Herkes biliyordur anlamını ama Farsça’da otuz kuş, Ortadoğu’da Anka olarak anılan Simurg’un söylencesini kısaca anımsamakta yarar olduğunu düşünüyorum; İran’ın güneyinde yaşayan üç yüz kadar kuş, aralarında anlatılan masallardan birinde adı geçen; uzun boynu beyaz halkalı, safran tüylü, gökyüzünü alev alev yakan, güzel sesli, insana benzeyen ve Kaf Dağı’nda yaşadığına inanılan Simurg’u aramak üzere yola çıkarlar. Yolları tuzak dolu bölgelerden geçen kuşlar hedeflerine bir an önce ulaşabilmek için sürekli uçarlar. Dağları aşıp, aşk denizinden geçerler. Ayrılık vadisinden süzülürler. Hırs ovasını da aşıp, kıskançlık gölüne saparlar. Kimi hırslanır batar, kimi düşer ovaya. Pek çoğu kaybolur. Üç yüz kuştan otuzu yolunu şaşırmayıp Kaf Dağı’na ulaşır. Ancak aradıkları o masal kuşu Simurg burada da yoktur. Anlarlar ki Simurg diye aradıkları aslında hedeflerine doğru sapmadan uçan ve menzile varmayı başaran bu otuz kuştur. Yani kendileridir.
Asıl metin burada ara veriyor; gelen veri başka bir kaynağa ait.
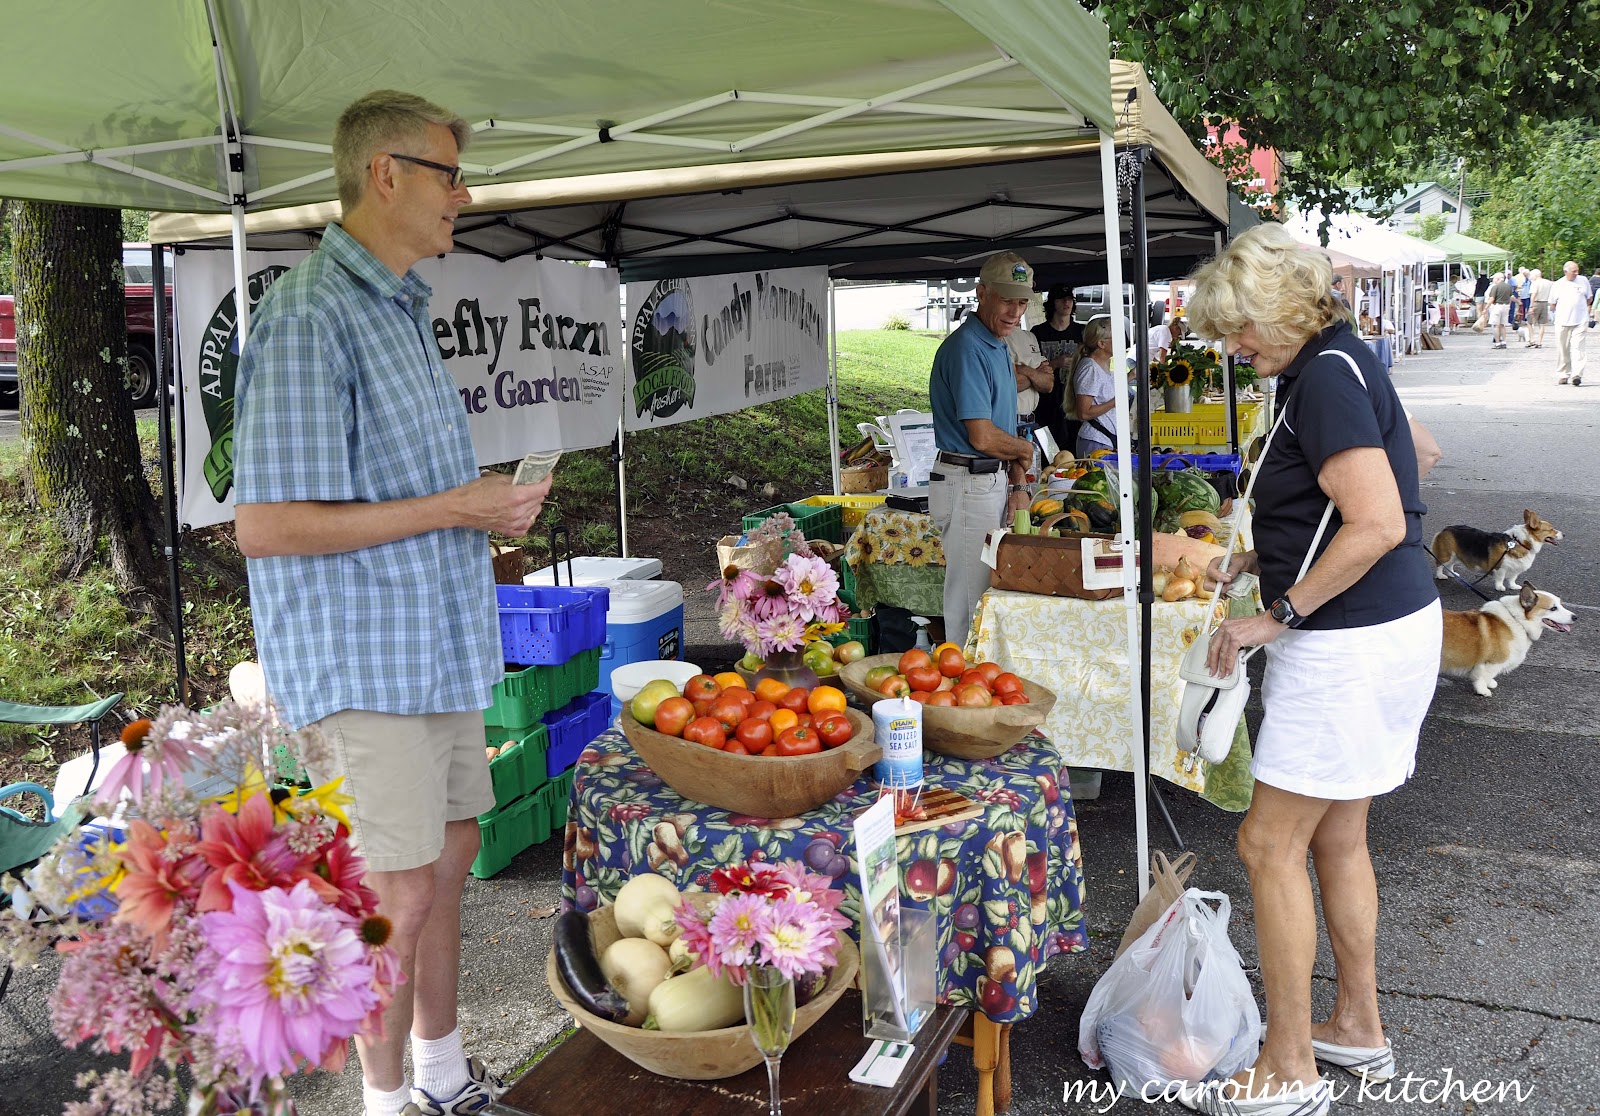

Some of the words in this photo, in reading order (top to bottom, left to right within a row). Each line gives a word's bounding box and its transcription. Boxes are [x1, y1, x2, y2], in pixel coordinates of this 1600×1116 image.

[201, 270, 284, 399] APPALCHI
[518, 298, 611, 357] Farm
[494, 366, 582, 409] Garden
[579, 362, 614, 378] ASAP
[636, 369, 669, 400] LOCAL
[744, 354, 787, 398] Farm
[889, 731, 917, 741] IODIZED
[889, 742, 902, 750] SEA
[904, 740, 917, 750] SALT
Bir ömürlük koşuda hedefi aşk olan şairi Simurg’a benzettim bir an. Bencillik, kıskançlık, ikiyüzlülük vb. sapakların hiçbirine yüz vermeden güzelin izini sürene bir masal kahramanlığını yakıştırdım. Abdülkadir Bulut’un şiirine dair düşünürken aklıma geliverdi bu masal ve yazımın adı oluverdi. Doğduğu coğrafyada gözüne ilişenle, aklını harmanlayanla, uzakları şiirin potasında eritebilme becerisine dair bakın Hilmi Yavuz ve Cemal Süreya neler söylemişler
“Anamurlu bir Türkmen’di O ve hep öyle kaldı. Üstelik her şeyi yerel olana indirgeyerek, yerelle evrensel arasında sanki hiçbir ayrım yokmuş gibi yazarak”
“Her şeyi bir türkü kıvamında, bir türkü tadında eritiyor. Yerel görünümlere, durumlara dayanıyor. Oradan soylu imgeler yaratıyor…Kasabalı bir Lorca. Her şiirinde var.”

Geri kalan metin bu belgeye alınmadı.